The campaign started as an impulse to fight antisemitism. To what degree was the campaign also about tolerance for other groups?

Charlotte: Almost from the very beginning, there is a recognition that in fighting antisemitism, you will have to fight other bigotries. When Milton Krents writes the scripts for the “All Americans” contest, he has Uncle Don say something like, “Maybe you know a boy or girl who’s a different color than you, or whose mommies and daddies speak a different language than your mommy and daddy or go to a different church. Well isn’t it grand to know that we’re all Americans?”

The cartoonist Eric Godal is a German Jew who fled Nazi Germany, and in his cartoons, you very clearly see that he’s linking these prejudices. So he’ll have Hitler as the Pied Piper and behind Hitler a string of rats labeled with different bigotries: racism, hatred of the foreigner, antisemitism, anti-Catholicism. Young people today may not realize that anti-Catholic prejudice has deep roots in this country. 

So I learned a version of Jewish history in which it was the revelations of the Holocaust after the war that shocked Americans out of their antisemitism, or at least drove it underground. And on the flip side, following the war, racist attitudes hardened in the South as well as de facto segregation in the North. So the blunt question I have to ask: Was the campaign successful? Is there a way to measure its actual impact on public attitudes?

Charlotte: Naomi Cohen wrote in her book that she believed that these campaigns were successful in stopping antisemitism from taking firmer and deeper root within this country. That is, you know, her opinion. I think another important element is that they became so good at this, wrapping these messages into an entertaining format, that other agencies come to them for help with their messaging. Within the exhibit, there’s a note from an executive at the Ad Council to Rothschild thanking him, saying that their public service ads wouldn’t have been as good without the input of his team. And Krents wrote something in his correspondence that [before the AJC campaign] it was unheard of to put these human relations messages on the radio.  

“They Got The Blame: The Story of Scapegoats in History,” written by Kenneth Gould and illustrated by Jacob Landau, was published by the Association Press of the YMCA in 1942. (American Jewish Committee)

This exhibit is obviously coming out at a time of increased reporting of antisemitism, and rising concern about hate speech and intolerance. Is that what drew AJC and the Historical Society to stage this at this moment? 

Debra: I think it’s relevant for almost every moment, honestly, in my lifetime. I’m hoping this exhibition reignites the conversation about the work that’s left to be done. And we actually started working on this exhibition before the pandemic. I saw this material initially before the pandemic and then it was put aside for a number of months.

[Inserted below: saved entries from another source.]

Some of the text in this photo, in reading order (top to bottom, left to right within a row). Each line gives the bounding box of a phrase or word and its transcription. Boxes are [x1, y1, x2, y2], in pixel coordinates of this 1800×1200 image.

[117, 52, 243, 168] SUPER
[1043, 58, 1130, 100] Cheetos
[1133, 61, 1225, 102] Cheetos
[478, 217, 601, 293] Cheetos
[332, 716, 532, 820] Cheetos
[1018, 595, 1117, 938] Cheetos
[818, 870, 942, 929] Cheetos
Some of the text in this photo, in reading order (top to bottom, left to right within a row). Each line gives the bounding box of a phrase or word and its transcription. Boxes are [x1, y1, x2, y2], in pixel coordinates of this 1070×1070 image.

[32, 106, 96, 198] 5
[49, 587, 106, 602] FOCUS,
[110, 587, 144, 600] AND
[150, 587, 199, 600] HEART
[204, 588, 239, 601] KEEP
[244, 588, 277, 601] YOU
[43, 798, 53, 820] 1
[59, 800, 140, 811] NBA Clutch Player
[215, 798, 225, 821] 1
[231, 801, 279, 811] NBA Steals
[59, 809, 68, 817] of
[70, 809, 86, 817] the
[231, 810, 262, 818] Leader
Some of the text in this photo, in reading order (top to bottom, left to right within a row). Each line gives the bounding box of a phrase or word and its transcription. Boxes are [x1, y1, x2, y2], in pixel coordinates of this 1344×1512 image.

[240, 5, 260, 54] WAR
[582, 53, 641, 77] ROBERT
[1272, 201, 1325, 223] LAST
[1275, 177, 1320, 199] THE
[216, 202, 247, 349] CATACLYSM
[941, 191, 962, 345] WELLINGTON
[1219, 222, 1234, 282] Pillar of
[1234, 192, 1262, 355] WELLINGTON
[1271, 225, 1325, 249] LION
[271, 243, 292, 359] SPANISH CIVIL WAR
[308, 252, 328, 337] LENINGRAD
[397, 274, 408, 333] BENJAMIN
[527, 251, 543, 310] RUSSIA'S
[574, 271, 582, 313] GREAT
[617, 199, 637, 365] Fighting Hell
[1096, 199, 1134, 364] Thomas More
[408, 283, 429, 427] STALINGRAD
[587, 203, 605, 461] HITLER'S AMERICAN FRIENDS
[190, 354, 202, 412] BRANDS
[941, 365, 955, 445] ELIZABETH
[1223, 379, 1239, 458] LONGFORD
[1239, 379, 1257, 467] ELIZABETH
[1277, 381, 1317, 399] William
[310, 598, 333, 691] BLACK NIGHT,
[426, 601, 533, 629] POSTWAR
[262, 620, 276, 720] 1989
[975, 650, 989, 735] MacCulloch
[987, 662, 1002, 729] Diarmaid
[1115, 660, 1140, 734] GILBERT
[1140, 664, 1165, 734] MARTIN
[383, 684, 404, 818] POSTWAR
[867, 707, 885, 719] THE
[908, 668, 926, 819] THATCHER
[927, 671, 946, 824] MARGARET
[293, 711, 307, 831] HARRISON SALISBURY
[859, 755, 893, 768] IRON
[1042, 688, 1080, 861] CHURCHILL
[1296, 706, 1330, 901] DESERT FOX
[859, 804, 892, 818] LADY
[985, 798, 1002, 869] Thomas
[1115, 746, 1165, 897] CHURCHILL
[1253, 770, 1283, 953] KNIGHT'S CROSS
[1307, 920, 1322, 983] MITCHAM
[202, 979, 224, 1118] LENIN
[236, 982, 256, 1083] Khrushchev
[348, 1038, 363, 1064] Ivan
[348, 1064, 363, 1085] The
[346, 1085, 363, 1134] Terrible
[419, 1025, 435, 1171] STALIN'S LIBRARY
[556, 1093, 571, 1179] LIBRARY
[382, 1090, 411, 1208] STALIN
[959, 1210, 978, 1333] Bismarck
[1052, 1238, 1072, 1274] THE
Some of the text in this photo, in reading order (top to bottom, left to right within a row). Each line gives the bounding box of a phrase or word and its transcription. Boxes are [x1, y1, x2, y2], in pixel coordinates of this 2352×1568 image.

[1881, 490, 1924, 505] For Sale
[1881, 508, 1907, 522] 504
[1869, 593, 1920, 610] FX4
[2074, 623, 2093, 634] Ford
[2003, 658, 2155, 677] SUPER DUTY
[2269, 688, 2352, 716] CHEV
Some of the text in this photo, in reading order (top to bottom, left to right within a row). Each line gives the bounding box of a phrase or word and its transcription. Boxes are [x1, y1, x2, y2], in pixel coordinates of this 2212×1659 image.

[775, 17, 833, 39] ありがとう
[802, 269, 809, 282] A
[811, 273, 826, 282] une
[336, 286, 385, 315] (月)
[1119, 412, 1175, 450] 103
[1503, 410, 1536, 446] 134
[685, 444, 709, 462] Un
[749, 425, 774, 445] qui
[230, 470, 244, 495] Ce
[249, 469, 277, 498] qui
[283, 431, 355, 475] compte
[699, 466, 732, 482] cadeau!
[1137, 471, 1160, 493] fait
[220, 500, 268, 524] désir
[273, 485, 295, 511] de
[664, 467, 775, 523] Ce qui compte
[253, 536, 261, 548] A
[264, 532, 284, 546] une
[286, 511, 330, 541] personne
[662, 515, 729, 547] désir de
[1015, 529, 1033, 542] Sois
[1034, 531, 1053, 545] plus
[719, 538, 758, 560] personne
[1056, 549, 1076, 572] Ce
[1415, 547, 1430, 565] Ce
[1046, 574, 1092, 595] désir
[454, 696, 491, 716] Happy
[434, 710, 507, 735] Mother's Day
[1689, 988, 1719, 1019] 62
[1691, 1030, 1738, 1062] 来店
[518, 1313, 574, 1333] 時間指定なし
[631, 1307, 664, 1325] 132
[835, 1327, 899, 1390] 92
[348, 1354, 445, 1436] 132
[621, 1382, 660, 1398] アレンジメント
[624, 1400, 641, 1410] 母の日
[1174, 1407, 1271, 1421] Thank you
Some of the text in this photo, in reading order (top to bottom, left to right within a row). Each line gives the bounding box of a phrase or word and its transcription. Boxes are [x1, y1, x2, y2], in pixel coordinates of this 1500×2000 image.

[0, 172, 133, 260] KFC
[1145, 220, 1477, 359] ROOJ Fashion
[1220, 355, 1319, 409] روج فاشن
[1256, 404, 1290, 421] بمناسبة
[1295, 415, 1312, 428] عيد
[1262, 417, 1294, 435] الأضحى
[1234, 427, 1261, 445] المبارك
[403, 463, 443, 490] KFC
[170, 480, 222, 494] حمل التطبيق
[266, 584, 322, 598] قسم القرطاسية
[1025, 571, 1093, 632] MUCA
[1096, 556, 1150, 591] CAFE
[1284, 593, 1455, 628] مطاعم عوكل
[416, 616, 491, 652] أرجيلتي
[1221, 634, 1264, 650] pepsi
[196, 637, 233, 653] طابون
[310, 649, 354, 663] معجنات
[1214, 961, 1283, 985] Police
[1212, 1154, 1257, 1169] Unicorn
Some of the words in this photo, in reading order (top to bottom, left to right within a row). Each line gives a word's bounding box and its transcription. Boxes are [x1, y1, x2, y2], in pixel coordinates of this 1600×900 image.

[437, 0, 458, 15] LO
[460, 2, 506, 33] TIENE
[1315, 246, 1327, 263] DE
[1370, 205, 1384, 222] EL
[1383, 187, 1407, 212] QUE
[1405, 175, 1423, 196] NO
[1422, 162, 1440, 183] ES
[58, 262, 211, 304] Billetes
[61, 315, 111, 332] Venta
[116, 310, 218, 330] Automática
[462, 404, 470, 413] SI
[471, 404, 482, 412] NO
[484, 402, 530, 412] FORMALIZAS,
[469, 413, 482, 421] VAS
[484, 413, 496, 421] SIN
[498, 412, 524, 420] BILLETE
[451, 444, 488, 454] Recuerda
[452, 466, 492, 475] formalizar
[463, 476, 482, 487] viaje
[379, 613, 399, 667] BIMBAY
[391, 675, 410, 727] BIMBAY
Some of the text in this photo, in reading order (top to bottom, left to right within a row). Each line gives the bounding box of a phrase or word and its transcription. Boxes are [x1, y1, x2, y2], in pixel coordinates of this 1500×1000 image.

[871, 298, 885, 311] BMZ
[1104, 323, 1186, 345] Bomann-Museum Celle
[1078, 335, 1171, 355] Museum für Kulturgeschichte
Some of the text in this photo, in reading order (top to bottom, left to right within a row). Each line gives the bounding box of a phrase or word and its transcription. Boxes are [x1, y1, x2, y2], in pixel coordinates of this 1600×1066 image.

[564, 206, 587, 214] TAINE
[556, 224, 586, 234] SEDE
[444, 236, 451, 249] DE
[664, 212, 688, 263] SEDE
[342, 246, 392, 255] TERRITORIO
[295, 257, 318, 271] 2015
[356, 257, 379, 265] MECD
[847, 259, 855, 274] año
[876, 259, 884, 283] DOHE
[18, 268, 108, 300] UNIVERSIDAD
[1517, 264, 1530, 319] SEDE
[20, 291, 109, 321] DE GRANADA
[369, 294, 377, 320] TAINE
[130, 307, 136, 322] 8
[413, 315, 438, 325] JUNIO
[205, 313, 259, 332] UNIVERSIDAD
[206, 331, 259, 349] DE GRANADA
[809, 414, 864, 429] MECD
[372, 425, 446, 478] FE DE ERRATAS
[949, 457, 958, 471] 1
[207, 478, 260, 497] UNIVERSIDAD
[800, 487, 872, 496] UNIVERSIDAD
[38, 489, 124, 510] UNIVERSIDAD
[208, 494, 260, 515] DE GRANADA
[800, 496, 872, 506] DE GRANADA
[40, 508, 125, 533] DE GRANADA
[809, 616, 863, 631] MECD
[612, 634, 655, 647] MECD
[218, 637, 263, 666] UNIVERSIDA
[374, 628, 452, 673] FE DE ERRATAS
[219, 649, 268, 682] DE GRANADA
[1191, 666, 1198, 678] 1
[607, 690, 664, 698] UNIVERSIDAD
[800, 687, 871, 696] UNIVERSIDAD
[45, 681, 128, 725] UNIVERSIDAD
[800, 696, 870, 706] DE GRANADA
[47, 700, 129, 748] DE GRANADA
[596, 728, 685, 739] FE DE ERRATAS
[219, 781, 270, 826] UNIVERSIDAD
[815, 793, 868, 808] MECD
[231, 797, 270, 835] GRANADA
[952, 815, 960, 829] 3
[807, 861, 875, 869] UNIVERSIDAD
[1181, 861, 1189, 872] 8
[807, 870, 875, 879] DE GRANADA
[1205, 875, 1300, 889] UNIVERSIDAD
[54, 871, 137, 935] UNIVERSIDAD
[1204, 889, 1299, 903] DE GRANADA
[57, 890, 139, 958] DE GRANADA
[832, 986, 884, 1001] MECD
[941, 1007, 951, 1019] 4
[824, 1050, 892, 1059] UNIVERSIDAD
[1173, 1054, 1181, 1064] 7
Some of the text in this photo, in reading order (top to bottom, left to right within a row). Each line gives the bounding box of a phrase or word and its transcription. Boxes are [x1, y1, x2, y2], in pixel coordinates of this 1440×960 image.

Looking at it again, after being through the first year and a half of pandemic, it was really a very moving experience. Because the types of messages that were being imparted were really prescient and in a way timeless and ageless.

Charlotte, do you want to add to that?

Charlotte:  I think it is a very timely exhibit, but I’ve been interested in this material from the very first time I saw it, which was 20 years ago. It is in some ways inspirational, because overall there is an optimistic tone to this campaign. They do believe that these hatreds are so anathema to America that they will, in the end, prevail. They never gave into cynicism.  

I also think it shows a willingness to embrace something new. It’s not easy for an organization to go down a totally new path. But AJC did, and I think they deserve great credit for that. And also I think what is relevant today is that they knew that they could not do it on their own, and so they sought allies from many different segments of society. 

I read Rothschild’s oral history when he was interviewed in the 1970s, and he was complaining about the malaise in society and that you can’t give into that. He knows that you’re not going to make things perfect, but that doesn’t free you from the responsibility of acting.